If the carrots expired a week ago, does that mean we can still eat them?
It's unclear.
What does Kant think of synthetic a priori knowledge?
It's highly unclear.

It's a catchy phrase, due to the fact that it is applicable to most every situation in life.
Life is pretty much just that--it's all very unclear.
What really is certain? [c.f. Descartes]
Or, as theology professors prefer to say, with a wise shrug:
it's a mystery.

Which is what I starting thinking about during the Nicene Creed, as I was dancing in the sunbeam streaming in through the stained glass window. The stained glass windows in our church are beautiful, especially when the sun hits them just right, and they cast colored sunbeam into your pew in which you can dance. But this particular window has a rather overly-angular depiction of Abraham's sacrifice of Isaac. 
It's just rife with pointy angles. 
They make me uncomfortable. 
And I'm sure poor Isaac, bound and prepped for being sacrificed in all his angular glory, would similarly express his discomfort.

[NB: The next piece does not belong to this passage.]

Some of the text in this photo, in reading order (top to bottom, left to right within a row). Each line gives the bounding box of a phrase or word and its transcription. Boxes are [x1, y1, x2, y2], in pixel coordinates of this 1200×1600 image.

Consubstantial with the Father. Consubstantial, I thought. 
What does that mean exactly?
And as much as you can try to explain what it means, it always remains somewhat unclear.
Which you probably knew in the first place. 
A word like: "consubstantial" lets you know, right off the bat, that it is not to be trifled with.
You are not allowed to walk up to a word such as "consubstantial" and say: This word? Piffle. Easy. I understand you.
Consubstantial is not a word which you can piffle at.
Consubstantial is a word that invites you into the mystery rather than offering you a crass definition.
There are some words like that. 
They are the best words, because they explain themselves without reducing themselves, without giving themselves away.
Even while illuminating truth, they manage to retain their impenetrable mystery.

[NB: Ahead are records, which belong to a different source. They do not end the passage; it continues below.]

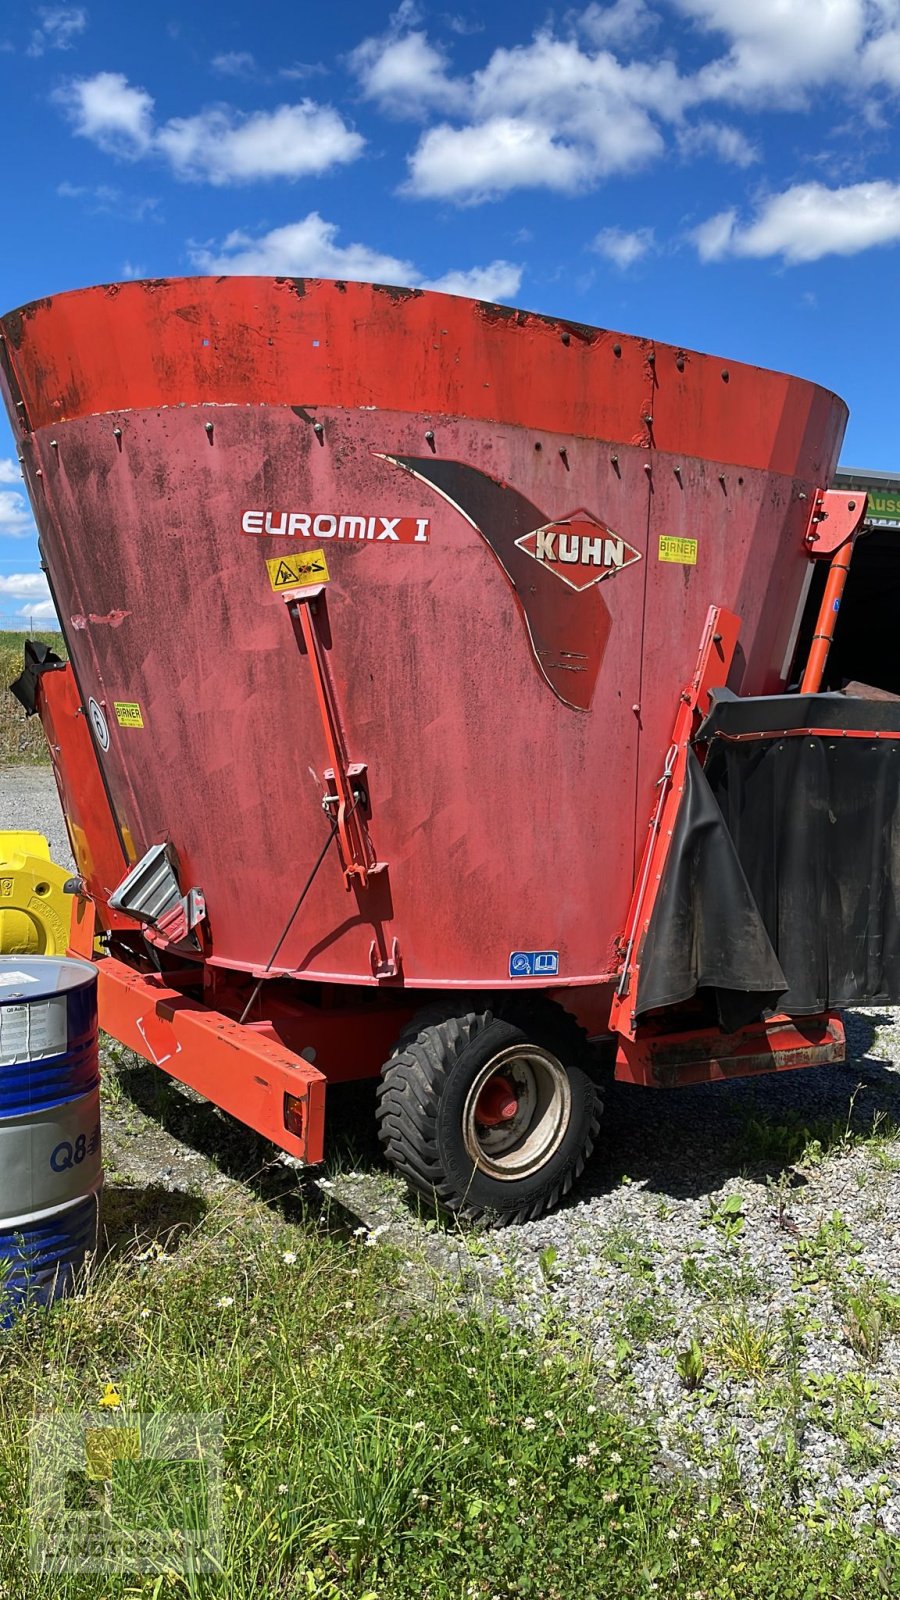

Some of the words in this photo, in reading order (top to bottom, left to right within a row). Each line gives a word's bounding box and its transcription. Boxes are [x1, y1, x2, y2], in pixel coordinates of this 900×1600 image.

[242, 511, 401, 541] EUROMIX
[414, 519, 429, 542] I
[535, 530, 624, 567] KUHN
[660, 541, 696, 555] BIRNER
[115, 707, 140, 718] BIRNER
[50, 1133, 87, 1173] Q8

It's sort of what it's like when you find yourself onstage bringing a story to life.
You are using your very soul to illuminate a truth, but the mechanics of how exactly that occurs are an impenetrable mystery, even to you.
How exactly one person takes up and puts on the story of another is a fascinatingly mysterious project.
Actors have a lot of words that they use to try to explain exactly how this mysterious phenomenon takes place.
They'll talk for days about things like: sense memory and emotional recall, intention and motive, Meisner exercises and finding the beats and playing overarching objectives.

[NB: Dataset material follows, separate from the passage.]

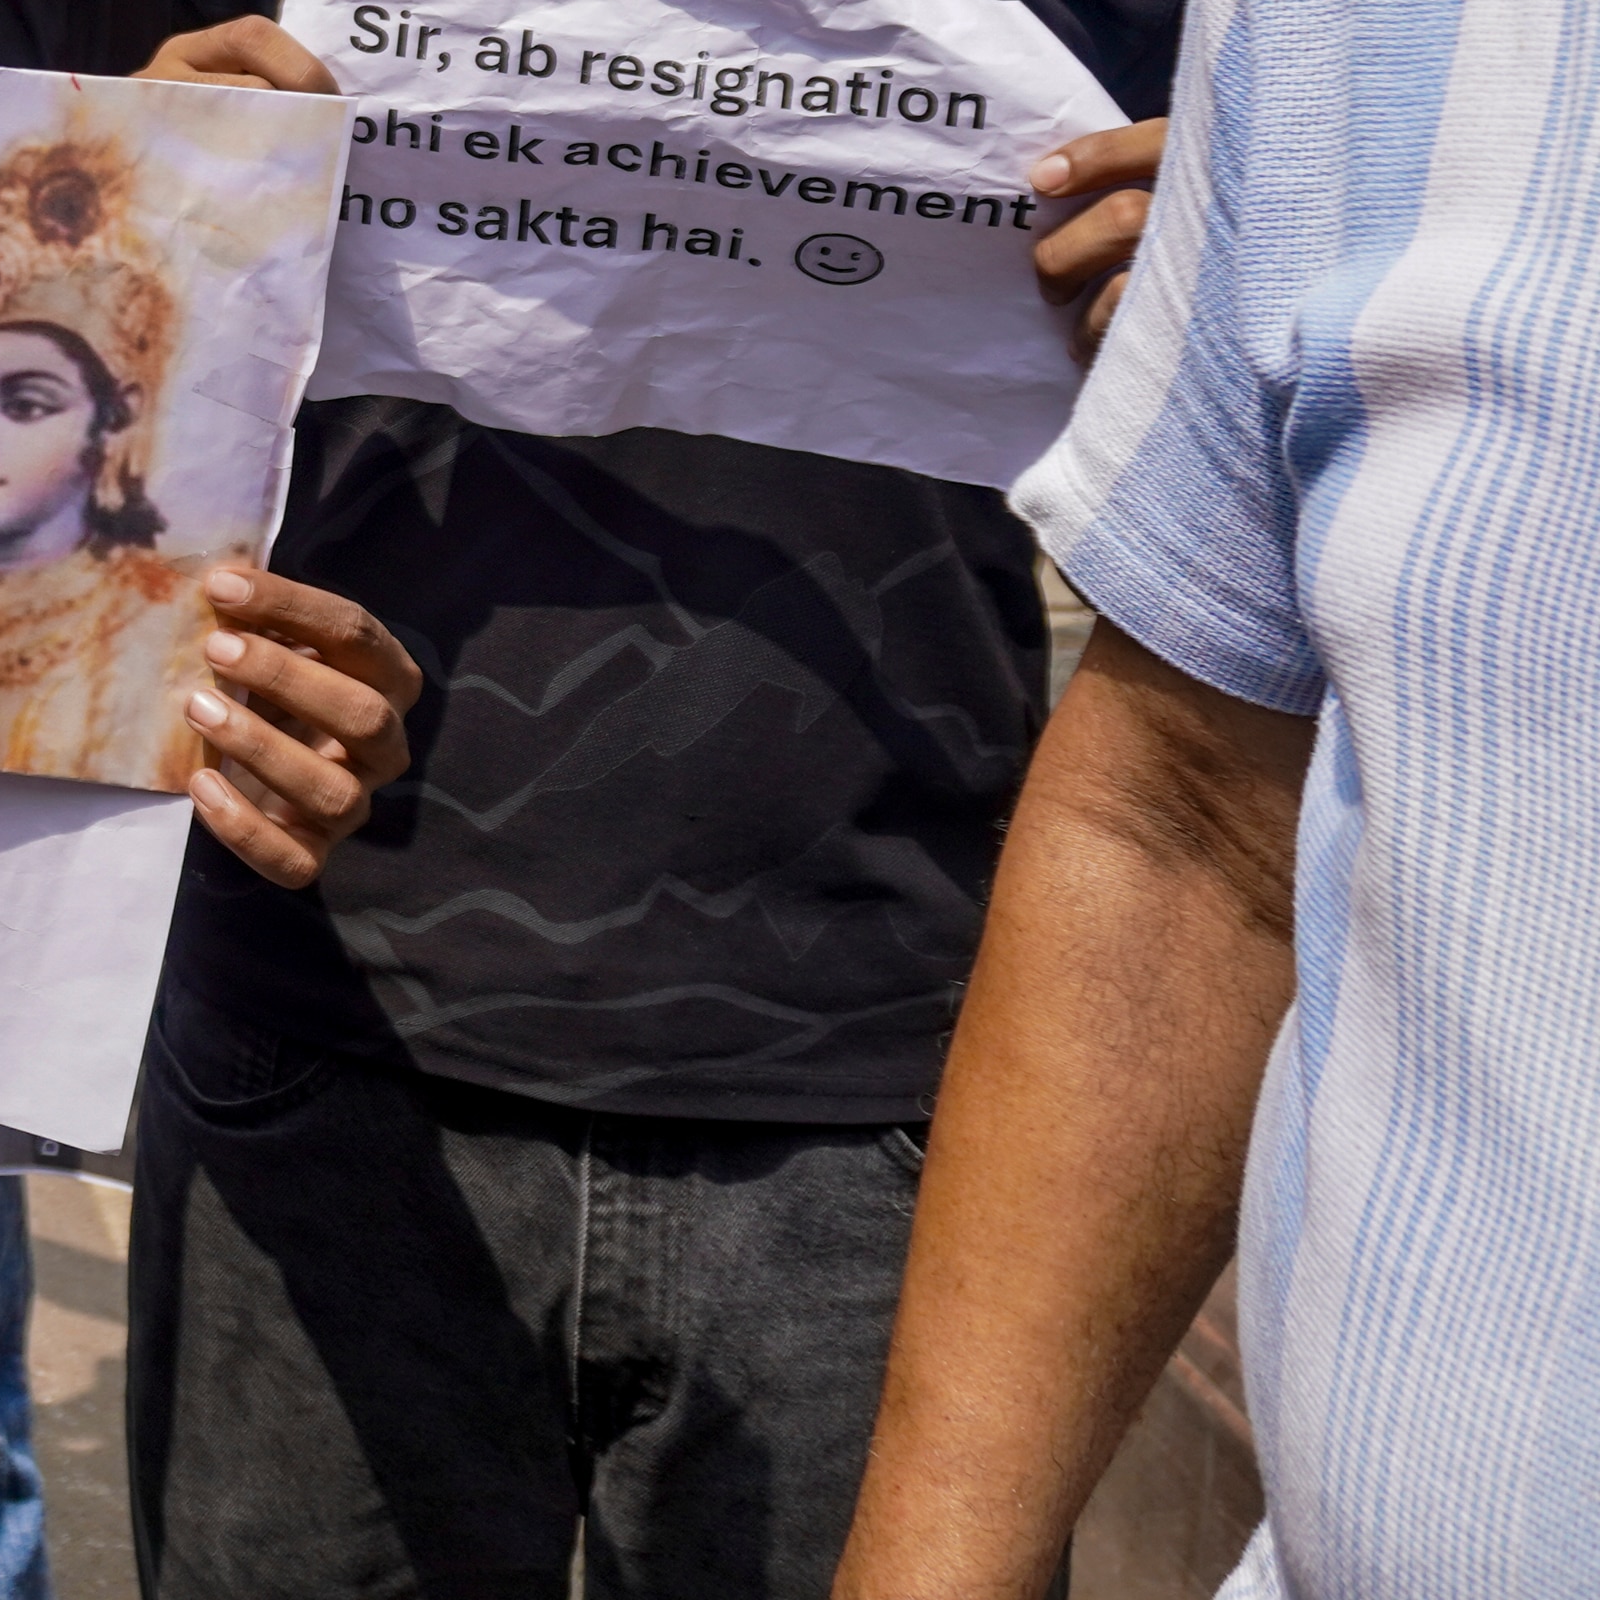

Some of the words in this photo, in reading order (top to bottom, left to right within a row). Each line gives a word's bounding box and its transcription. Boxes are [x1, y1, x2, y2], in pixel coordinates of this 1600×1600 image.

All of these are words maybe sort of kind of in the vein of consubstantial
They are simply multisyllabic markers, denoting: Attention, Mortals: A Mystery Lies Here.
It's all very unclear.


Sam: Why do you always use binoculars?
Suzy: It helps me see things closer. Even if they're not very far away. I pretend it's my magic power.
Sam: That sounds like poetry. Poems don't always have to rhyme, you know. They're just supposed to be creative.